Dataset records
****

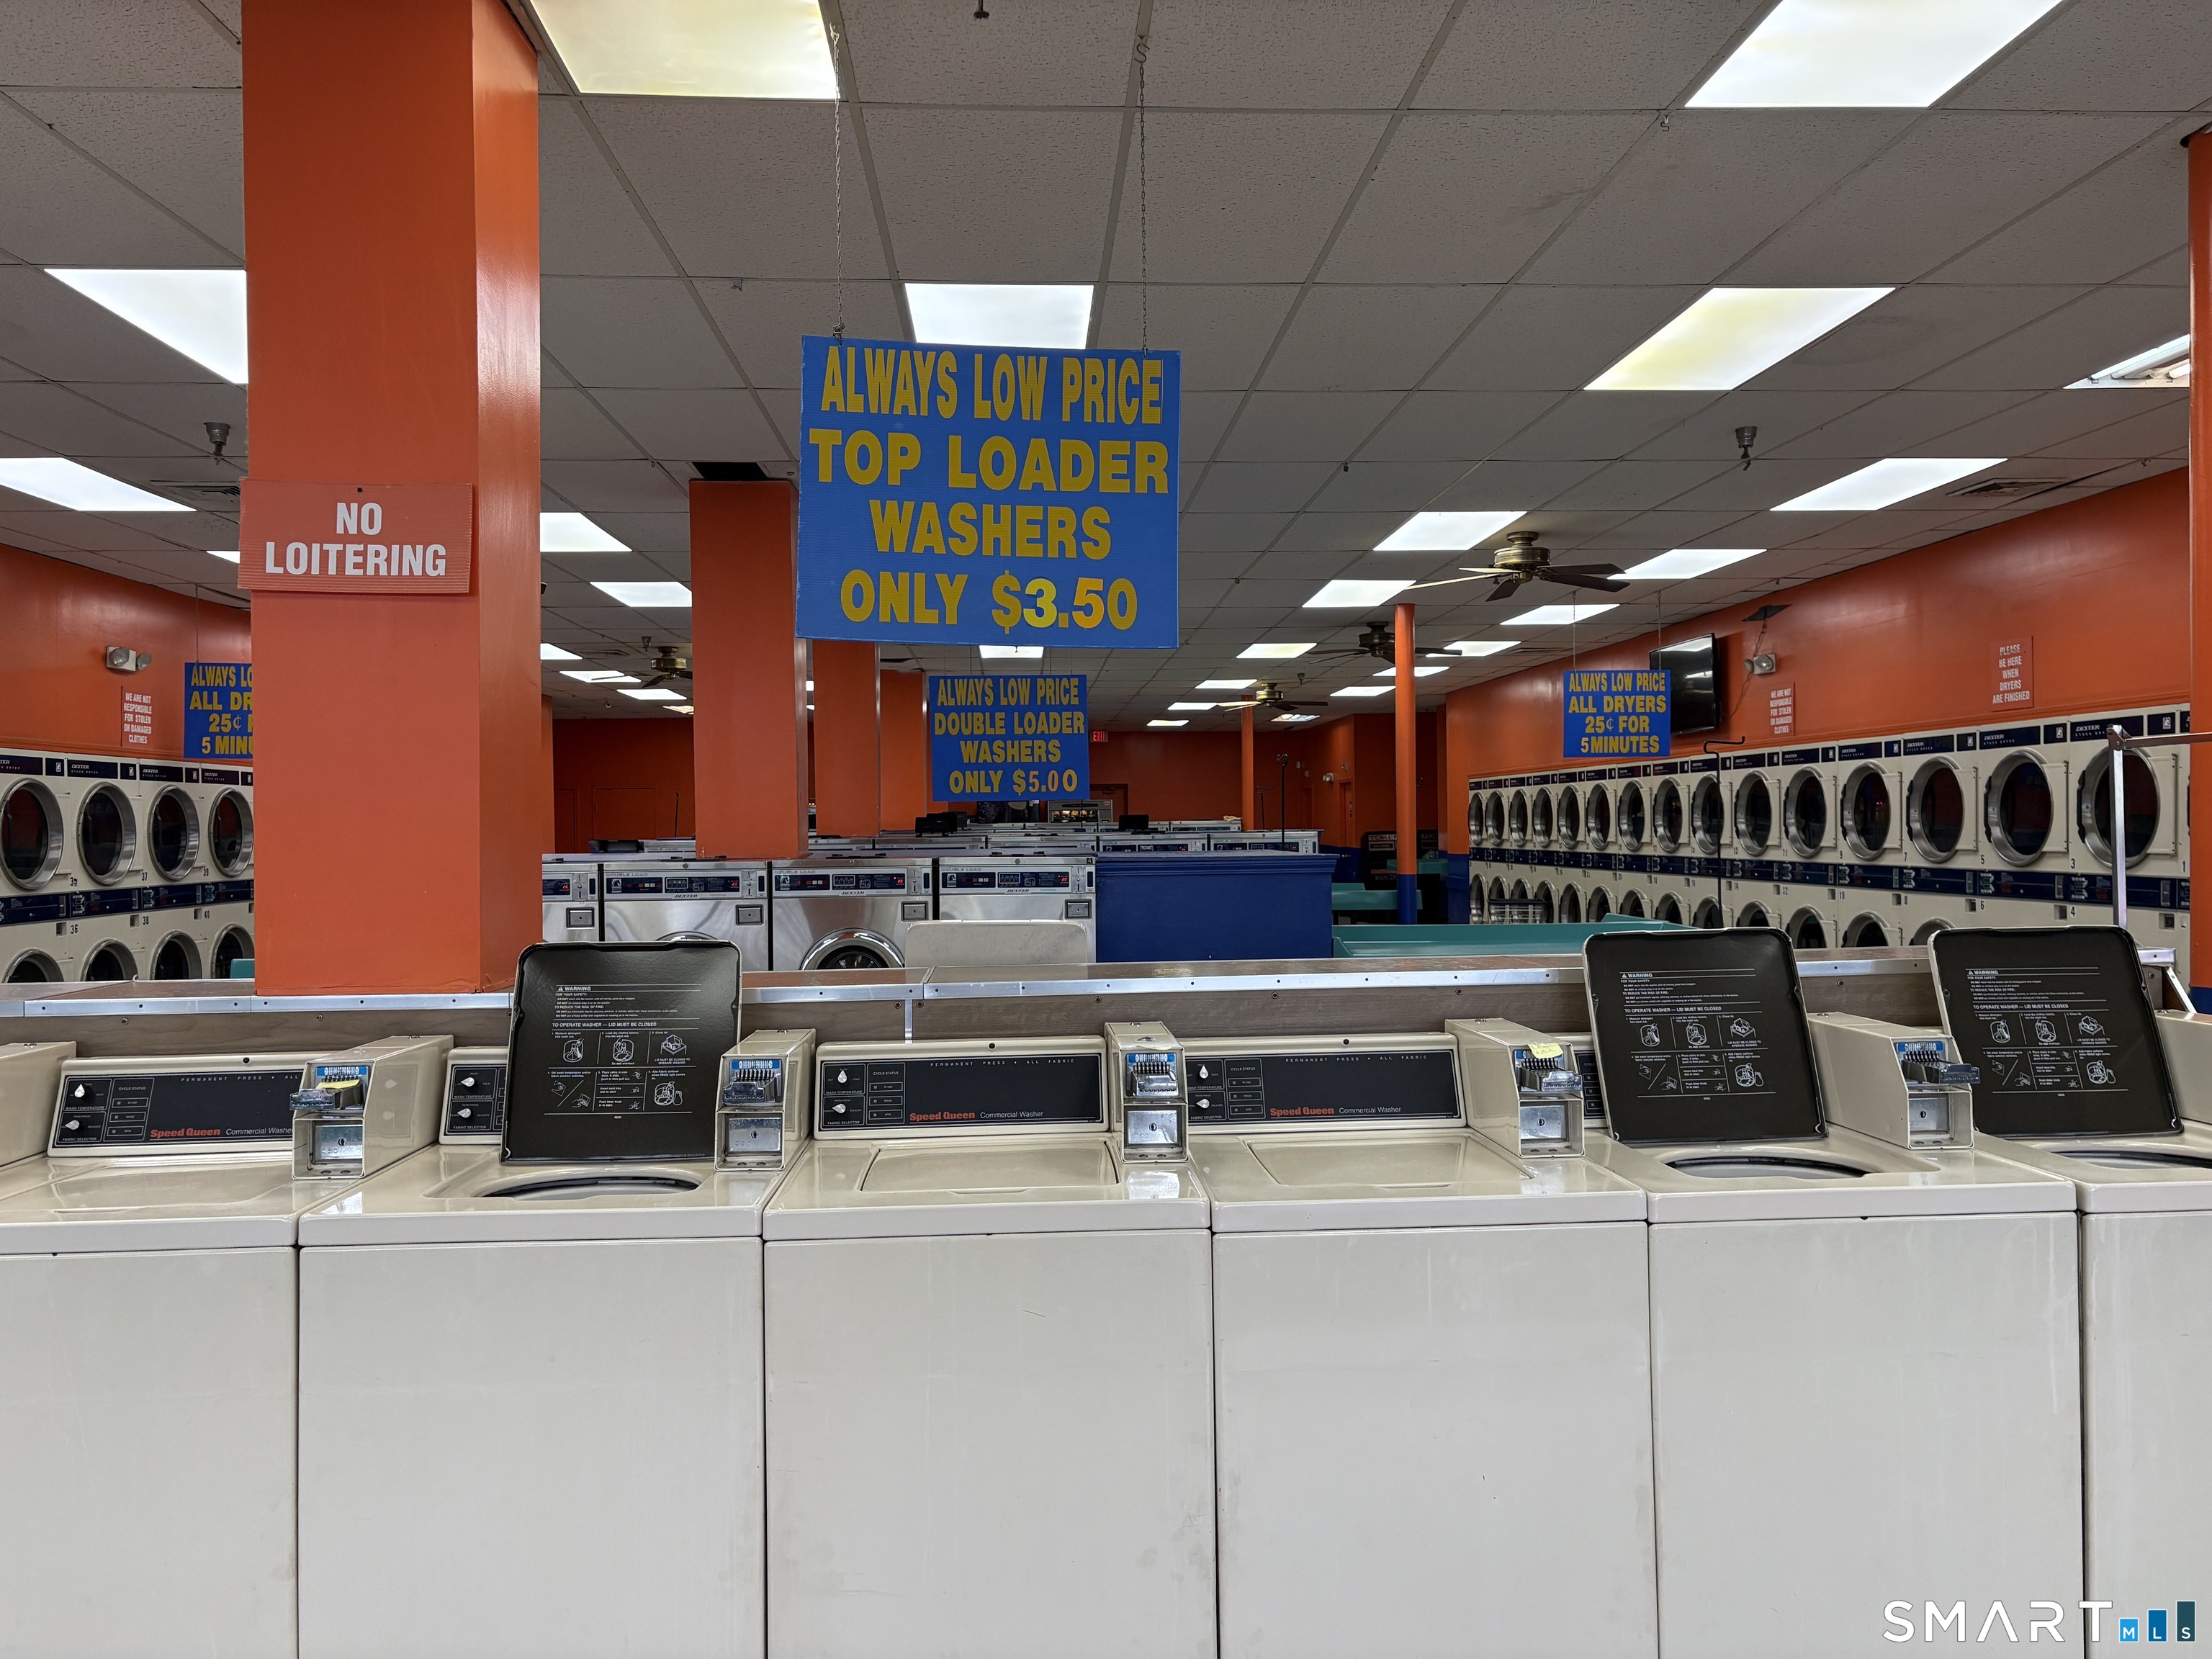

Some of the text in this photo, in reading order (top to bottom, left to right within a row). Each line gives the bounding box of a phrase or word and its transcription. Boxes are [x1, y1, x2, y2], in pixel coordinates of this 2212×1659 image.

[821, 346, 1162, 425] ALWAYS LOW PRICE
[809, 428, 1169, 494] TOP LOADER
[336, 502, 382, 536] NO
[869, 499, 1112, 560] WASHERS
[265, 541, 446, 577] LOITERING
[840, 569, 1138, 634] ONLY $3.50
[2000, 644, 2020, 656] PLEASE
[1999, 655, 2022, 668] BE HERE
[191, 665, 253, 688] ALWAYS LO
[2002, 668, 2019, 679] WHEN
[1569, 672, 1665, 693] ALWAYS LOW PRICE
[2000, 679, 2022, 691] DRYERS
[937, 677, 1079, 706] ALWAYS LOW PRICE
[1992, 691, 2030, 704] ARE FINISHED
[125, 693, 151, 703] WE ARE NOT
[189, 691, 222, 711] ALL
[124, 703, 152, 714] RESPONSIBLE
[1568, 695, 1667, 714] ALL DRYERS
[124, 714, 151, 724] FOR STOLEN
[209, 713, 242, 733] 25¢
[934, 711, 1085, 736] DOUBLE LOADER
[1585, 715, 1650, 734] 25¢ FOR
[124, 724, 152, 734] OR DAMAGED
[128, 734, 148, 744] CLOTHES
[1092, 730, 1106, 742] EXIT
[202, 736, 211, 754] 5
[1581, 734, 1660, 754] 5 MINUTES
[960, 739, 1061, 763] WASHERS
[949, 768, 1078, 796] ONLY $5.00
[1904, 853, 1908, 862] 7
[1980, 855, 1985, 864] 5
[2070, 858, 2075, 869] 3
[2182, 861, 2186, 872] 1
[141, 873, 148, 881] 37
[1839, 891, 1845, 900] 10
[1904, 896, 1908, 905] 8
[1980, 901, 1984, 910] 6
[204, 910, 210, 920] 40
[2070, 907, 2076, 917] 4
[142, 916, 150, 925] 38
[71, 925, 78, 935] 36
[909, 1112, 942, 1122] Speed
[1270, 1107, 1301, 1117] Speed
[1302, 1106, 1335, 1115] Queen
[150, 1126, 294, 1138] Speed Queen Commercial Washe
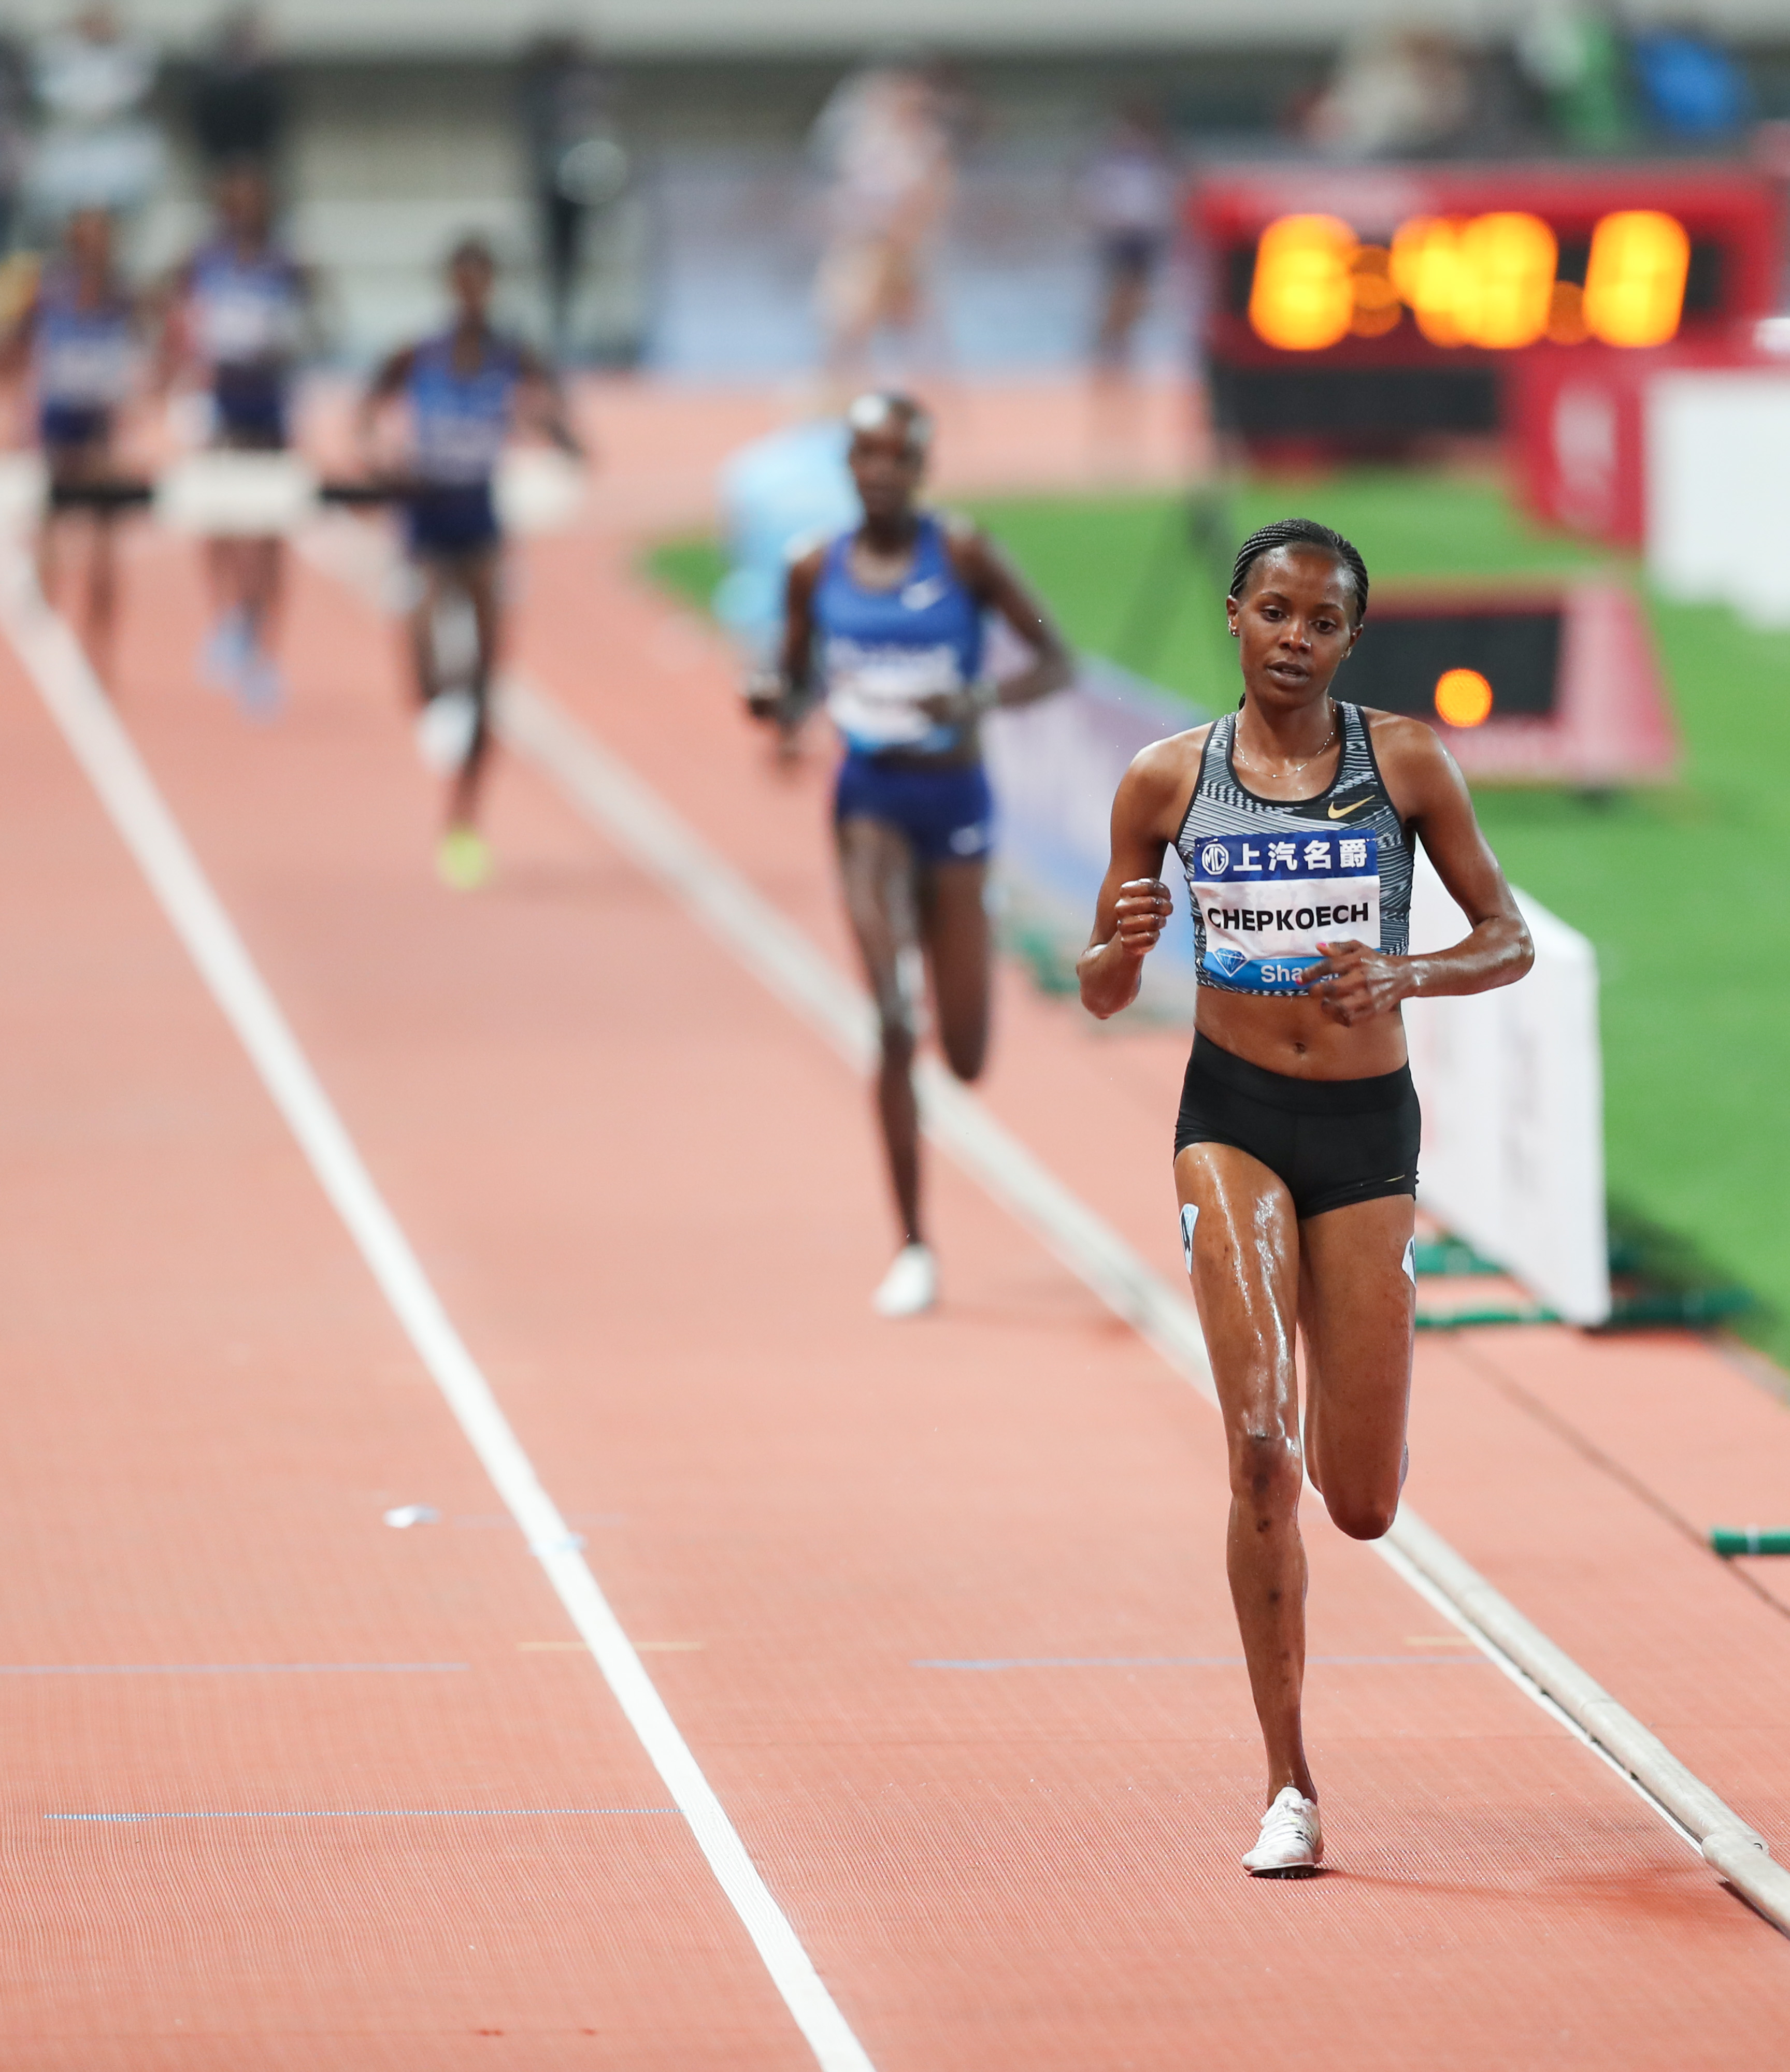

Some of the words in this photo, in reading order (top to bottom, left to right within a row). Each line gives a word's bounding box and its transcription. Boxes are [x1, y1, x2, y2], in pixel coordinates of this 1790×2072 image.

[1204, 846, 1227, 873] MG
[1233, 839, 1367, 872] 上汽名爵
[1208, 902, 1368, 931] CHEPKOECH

****

This task calls for an exact reproduction of the lines that start at the one containing "Some of the words" and continue to the end of the entries above.

Some of the words in this photo, in reading order (top to bottom, left to right within a row). Each line gives a word's bounding box and its transcription. Boxes are [x1, y1, x2, y2], in pixel coordinates of this 1790×2072 image.

[1204, 846, 1227, 873] MG
[1233, 839, 1367, 872] 上汽名爵
[1208, 902, 1368, 931] CHEPKOECH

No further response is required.